Repeat each record exactly. Any picture gets left out.
══════════════════════════════
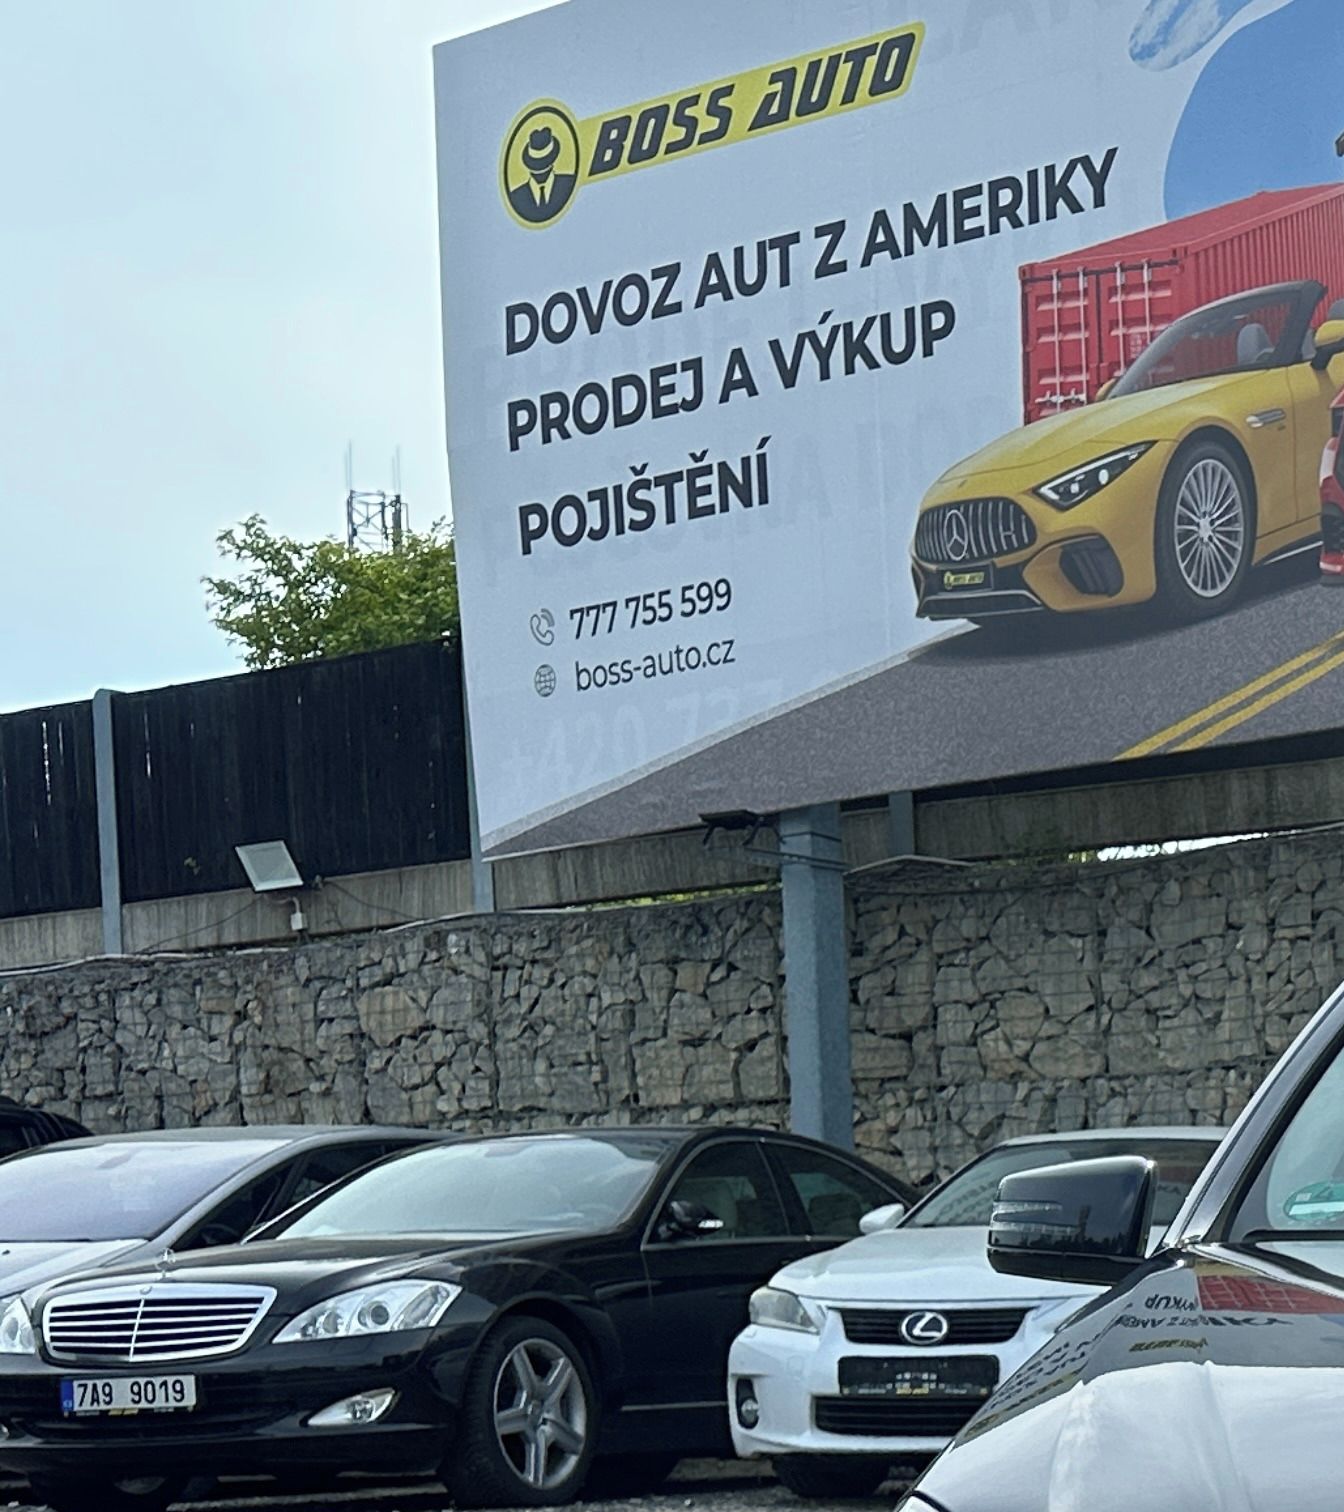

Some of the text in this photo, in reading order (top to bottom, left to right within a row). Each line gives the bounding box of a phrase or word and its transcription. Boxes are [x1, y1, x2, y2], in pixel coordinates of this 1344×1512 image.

[588, 32, 916, 176] BOSS AUTO
[506, 146, 1119, 355] DOVOZ AUT Z AMERIKY
[508, 300, 956, 452] PRODEJ A VÝKUP
[519, 435, 772, 556] POJIŠTĚNÍ
[569, 578, 732, 640] 777 755 599
[575, 639, 736, 692] boss-auto.cz
[77, 1379, 185, 1407] 7A9 9019
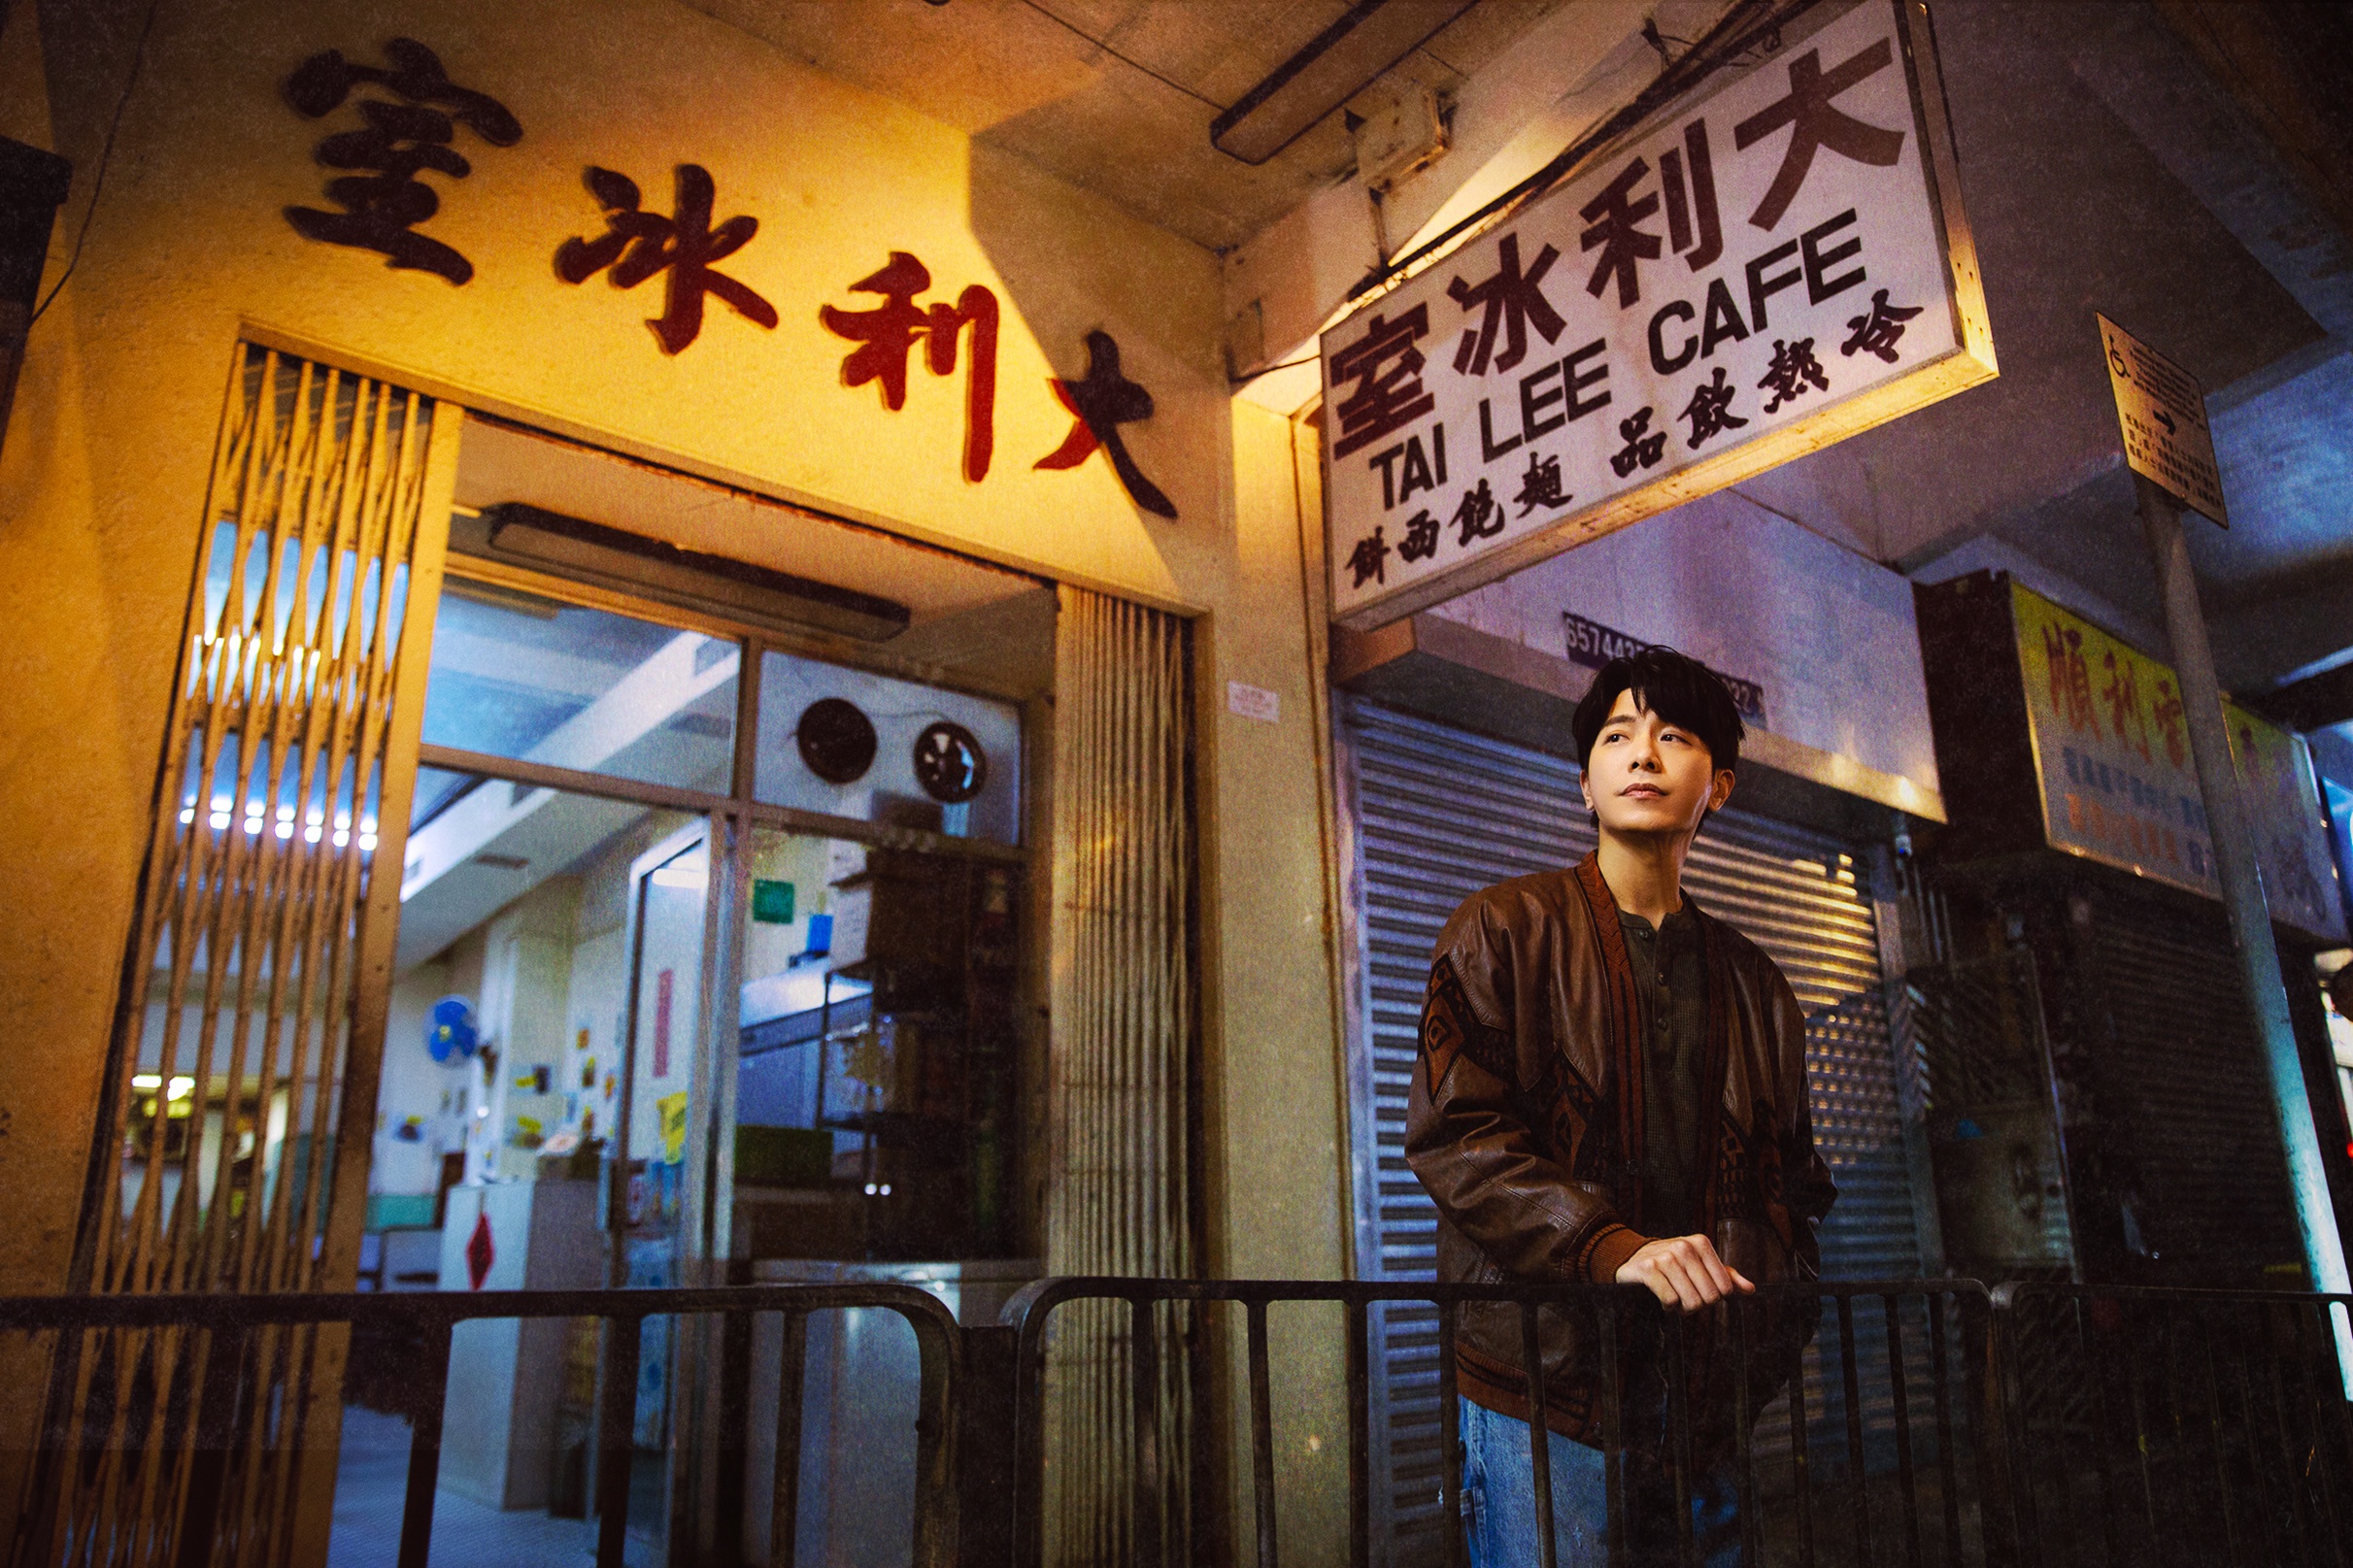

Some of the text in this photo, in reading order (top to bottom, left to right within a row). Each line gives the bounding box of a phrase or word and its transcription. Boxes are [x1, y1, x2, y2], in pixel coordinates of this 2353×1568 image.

[281, 37, 1178, 521] 大利冰室
[1328, 37, 1907, 462] 大利冰室
[1369, 207, 1867, 512] TAI LEE CAFE
══════════════════════════════
■ **Result of the exercise**:
Some of the text in this photo, in reading order (top to bottom, left to right within a row). Each line gives the bounding box of a phrase or word and its transcription. Boxes are [x1, y1, x2, y2], in pixel coordinates of this 1344×1512 image.

[588, 32, 916, 176] BOSS AUTO
[506, 146, 1119, 355] DOVOZ AUT Z AMERIKY
[508, 300, 956, 452] PRODEJ A VÝKUP
[519, 435, 772, 556] POJIŠTĚNÍ
[569, 578, 732, 640] 777 755 599
[575, 639, 736, 692] boss-auto.cz
[77, 1379, 185, 1407] 7A9 9019

Some of the text in this photo, in reading order (top to bottom, left to right within a row). Each line gives the bounding box of a phrase or word and its transcription. Boxes are [x1, y1, x2, y2], in pixel coordinates of this 2353×1568 image.

[281, 37, 1178, 521] 大利冰室
[1328, 37, 1907, 462] 大利冰室
[1369, 207, 1867, 512] TAI LEE CAFE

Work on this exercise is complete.